Saved entries

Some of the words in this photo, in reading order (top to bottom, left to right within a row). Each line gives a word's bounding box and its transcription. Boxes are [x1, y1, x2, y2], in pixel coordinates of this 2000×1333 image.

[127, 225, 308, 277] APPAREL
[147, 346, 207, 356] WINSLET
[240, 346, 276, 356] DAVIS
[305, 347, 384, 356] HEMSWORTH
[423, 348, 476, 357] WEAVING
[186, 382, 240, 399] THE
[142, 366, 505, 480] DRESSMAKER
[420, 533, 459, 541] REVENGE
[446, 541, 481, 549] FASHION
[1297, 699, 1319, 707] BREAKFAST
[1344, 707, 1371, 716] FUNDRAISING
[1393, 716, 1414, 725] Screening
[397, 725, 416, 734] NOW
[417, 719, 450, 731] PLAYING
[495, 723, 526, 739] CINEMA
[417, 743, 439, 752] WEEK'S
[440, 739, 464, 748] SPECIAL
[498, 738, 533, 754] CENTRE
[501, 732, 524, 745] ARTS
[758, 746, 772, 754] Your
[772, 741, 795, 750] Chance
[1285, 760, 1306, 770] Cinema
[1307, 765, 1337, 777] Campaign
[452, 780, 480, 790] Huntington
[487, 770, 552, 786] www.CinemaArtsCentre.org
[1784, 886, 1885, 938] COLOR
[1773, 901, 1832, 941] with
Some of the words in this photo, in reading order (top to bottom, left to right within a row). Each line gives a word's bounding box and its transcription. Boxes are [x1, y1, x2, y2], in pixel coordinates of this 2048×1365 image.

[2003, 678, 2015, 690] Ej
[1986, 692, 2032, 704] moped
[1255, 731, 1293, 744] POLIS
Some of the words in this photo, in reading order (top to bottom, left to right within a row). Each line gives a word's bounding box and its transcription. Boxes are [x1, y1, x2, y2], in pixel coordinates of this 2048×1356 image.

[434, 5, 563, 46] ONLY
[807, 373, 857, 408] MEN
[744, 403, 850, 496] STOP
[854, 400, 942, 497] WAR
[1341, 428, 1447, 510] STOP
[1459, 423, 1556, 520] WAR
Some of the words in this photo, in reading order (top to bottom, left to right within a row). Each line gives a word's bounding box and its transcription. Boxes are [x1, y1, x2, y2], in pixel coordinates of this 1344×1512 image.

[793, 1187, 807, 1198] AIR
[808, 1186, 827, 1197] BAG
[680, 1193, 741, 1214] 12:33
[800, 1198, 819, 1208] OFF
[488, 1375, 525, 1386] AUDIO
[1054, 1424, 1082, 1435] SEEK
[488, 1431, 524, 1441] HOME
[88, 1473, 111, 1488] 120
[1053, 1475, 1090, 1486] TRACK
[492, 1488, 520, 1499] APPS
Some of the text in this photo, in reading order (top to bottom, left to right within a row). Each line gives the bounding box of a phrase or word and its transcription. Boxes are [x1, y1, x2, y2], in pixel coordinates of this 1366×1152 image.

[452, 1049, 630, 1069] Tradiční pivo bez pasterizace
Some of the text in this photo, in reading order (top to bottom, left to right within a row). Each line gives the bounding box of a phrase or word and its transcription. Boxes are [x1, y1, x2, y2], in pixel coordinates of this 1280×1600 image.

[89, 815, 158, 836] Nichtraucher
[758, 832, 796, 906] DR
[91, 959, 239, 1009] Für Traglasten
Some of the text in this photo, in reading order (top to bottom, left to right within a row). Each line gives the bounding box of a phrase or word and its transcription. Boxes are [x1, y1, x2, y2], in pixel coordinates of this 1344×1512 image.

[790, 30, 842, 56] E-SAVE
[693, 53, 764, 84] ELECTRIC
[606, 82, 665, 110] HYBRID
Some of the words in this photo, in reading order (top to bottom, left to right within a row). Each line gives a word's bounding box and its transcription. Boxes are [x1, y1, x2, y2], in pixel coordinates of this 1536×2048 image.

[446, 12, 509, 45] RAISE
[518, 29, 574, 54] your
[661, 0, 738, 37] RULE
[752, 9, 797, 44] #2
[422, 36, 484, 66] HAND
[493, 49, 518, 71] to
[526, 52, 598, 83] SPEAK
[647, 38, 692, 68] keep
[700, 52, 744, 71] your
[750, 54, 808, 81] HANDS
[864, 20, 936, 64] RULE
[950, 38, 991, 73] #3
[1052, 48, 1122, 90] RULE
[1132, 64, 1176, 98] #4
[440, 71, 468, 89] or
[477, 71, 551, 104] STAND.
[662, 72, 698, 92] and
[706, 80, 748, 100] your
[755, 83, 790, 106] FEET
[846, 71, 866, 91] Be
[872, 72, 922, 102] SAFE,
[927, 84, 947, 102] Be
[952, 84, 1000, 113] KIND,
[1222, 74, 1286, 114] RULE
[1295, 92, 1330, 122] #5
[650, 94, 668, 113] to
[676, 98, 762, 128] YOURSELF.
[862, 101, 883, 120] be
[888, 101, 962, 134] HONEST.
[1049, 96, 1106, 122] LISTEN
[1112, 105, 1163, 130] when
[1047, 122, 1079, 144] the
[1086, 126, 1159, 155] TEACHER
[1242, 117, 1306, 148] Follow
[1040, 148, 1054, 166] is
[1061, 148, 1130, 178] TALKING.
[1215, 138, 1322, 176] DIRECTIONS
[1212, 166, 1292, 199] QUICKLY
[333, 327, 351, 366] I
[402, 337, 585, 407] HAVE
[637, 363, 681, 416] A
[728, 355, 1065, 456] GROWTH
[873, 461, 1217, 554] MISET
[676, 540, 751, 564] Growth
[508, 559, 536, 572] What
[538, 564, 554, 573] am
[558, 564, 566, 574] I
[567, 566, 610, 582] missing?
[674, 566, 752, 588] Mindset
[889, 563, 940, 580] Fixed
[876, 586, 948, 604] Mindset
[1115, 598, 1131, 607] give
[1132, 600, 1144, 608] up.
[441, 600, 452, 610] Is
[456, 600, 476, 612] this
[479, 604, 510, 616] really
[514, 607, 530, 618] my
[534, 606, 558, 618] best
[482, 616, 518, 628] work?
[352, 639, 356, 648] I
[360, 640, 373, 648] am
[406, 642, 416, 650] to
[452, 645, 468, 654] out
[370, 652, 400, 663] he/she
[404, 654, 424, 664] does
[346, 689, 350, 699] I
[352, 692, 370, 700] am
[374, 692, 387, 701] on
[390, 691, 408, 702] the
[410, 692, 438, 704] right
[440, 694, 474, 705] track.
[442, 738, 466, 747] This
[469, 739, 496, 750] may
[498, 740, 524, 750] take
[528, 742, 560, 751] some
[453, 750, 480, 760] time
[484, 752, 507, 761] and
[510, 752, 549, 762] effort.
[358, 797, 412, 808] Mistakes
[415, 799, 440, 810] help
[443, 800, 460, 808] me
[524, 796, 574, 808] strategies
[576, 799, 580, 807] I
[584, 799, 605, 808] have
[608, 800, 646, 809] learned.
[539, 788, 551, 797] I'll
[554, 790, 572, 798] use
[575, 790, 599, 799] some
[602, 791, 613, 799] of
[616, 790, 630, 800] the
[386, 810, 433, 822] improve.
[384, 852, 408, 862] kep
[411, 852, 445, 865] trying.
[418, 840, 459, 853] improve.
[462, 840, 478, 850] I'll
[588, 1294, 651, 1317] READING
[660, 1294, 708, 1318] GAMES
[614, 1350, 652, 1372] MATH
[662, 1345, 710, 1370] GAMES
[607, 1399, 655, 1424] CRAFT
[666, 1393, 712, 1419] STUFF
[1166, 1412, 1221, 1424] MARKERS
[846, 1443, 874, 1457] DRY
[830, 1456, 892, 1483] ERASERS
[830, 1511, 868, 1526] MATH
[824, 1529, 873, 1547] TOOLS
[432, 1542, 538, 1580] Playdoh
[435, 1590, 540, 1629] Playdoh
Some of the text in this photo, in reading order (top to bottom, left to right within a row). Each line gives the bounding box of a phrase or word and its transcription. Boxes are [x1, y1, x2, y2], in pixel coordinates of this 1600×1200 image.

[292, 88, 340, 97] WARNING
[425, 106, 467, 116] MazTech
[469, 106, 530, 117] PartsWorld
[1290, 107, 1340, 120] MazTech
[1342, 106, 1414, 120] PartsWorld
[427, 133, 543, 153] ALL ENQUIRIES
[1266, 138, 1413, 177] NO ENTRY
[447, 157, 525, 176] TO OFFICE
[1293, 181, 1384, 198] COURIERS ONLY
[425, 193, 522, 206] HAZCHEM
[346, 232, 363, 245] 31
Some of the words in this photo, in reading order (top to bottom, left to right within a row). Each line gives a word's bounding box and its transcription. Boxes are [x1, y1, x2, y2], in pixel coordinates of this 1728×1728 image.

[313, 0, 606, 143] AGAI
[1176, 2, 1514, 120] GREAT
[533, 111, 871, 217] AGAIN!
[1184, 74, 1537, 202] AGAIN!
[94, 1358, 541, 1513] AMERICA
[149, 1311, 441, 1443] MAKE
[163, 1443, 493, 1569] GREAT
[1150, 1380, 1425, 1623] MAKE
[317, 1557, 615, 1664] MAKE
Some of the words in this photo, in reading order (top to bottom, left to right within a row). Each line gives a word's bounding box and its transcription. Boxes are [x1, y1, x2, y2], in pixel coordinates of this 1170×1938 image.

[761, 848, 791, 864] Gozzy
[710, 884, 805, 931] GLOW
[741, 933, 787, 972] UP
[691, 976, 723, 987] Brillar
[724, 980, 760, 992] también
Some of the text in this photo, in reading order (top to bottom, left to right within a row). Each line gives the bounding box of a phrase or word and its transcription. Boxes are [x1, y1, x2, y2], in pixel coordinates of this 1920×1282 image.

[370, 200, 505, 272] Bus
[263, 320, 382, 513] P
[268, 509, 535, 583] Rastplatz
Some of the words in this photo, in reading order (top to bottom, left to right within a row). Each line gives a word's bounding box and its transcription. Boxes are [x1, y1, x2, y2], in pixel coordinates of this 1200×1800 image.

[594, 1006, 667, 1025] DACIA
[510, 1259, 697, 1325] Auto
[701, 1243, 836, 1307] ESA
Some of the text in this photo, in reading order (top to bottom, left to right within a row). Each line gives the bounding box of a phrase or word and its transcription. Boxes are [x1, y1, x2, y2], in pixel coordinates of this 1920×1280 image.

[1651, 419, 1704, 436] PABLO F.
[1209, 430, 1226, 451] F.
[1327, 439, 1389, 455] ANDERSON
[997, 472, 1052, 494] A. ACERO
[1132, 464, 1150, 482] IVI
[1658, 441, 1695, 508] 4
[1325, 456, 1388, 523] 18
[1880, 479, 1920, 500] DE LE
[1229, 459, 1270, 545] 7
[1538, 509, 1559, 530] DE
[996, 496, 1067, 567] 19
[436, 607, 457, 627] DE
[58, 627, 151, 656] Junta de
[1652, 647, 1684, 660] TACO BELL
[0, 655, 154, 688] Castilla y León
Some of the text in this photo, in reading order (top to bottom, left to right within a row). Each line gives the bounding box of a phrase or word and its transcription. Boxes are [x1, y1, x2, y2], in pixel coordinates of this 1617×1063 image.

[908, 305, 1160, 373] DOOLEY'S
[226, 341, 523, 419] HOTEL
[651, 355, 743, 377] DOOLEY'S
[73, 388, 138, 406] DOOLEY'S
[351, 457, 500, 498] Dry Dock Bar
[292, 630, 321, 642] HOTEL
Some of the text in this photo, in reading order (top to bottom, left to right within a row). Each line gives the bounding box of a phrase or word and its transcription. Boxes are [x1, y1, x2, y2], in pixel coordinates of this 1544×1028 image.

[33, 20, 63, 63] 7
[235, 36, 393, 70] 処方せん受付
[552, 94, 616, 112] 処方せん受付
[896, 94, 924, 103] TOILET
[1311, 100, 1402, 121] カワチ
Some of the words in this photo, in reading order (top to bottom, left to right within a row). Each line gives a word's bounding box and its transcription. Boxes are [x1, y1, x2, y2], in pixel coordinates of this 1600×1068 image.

About this task | Through the last line of the entries above, beginning at the line containing "this 1200×1800 image.", transcribe each line exactly, both ends included and nothing more.

Finished exercise |
Some of the words in this photo, in reading order (top to bottom, left to right within a row). Each line gives a word's bounding box and its transcription. Boxes are [x1, y1, x2, y2], in pixel coordinates of this 1200×1800 image.

[594, 1006, 667, 1025] DACIA
[510, 1259, 697, 1325] Auto
[701, 1243, 836, 1307] ESA
Some of the text in this photo, in reading order (top to bottom, left to right within a row). Each line gives the bounding box of a phrase or word and its transcription. Boxes are [x1, y1, x2, y2], in pixel coordinates of this 1920×1280 image.

[1651, 419, 1704, 436] PABLO F.
[1209, 430, 1226, 451] F.
[1327, 439, 1389, 455] ANDERSON
[997, 472, 1052, 494] A. ACERO
[1132, 464, 1150, 482] IVI
[1658, 441, 1695, 508] 4
[1325, 456, 1388, 523] 18
[1880, 479, 1920, 500] DE LE
[1229, 459, 1270, 545] 7
[1538, 509, 1559, 530] DE
[996, 496, 1067, 567] 19
[436, 607, 457, 627] DE
[58, 627, 151, 656] Junta de
[1652, 647, 1684, 660] TACO BELL
[0, 655, 154, 688] Castilla y León
Some of the text in this photo, in reading order (top to bottom, left to right within a row). Each line gives the bounding box of a phrase or word and its transcription. Boxes are [x1, y1, x2, y2], in pixel coordinates of this 1617×1063 image.

[908, 305, 1160, 373] DOOLEY'S
[226, 341, 523, 419] HOTEL
[651, 355, 743, 377] DOOLEY'S
[73, 388, 138, 406] DOOLEY'S
[351, 457, 500, 498] Dry Dock Bar
[292, 630, 321, 642] HOTEL
Some of the text in this photo, in reading order (top to bottom, left to right within a row). Each line gives the bounding box of a phrase or word and its transcription. Boxes are [x1, y1, x2, y2], in pixel coordinates of this 1544×1028 image.

[33, 20, 63, 63] 7
[235, 36, 393, 70] 処方せん受付
[552, 94, 616, 112] 処方せん受付
[896, 94, 924, 103] TOILET
[1311, 100, 1402, 121] カワチ
Some of the words in this photo, in reading order (top to bottom, left to right within a row). Each line gives a word's bounding box and its transcription. Boxes are [x1, y1, x2, y2], in pixel coordinates of this 1600×1068 image.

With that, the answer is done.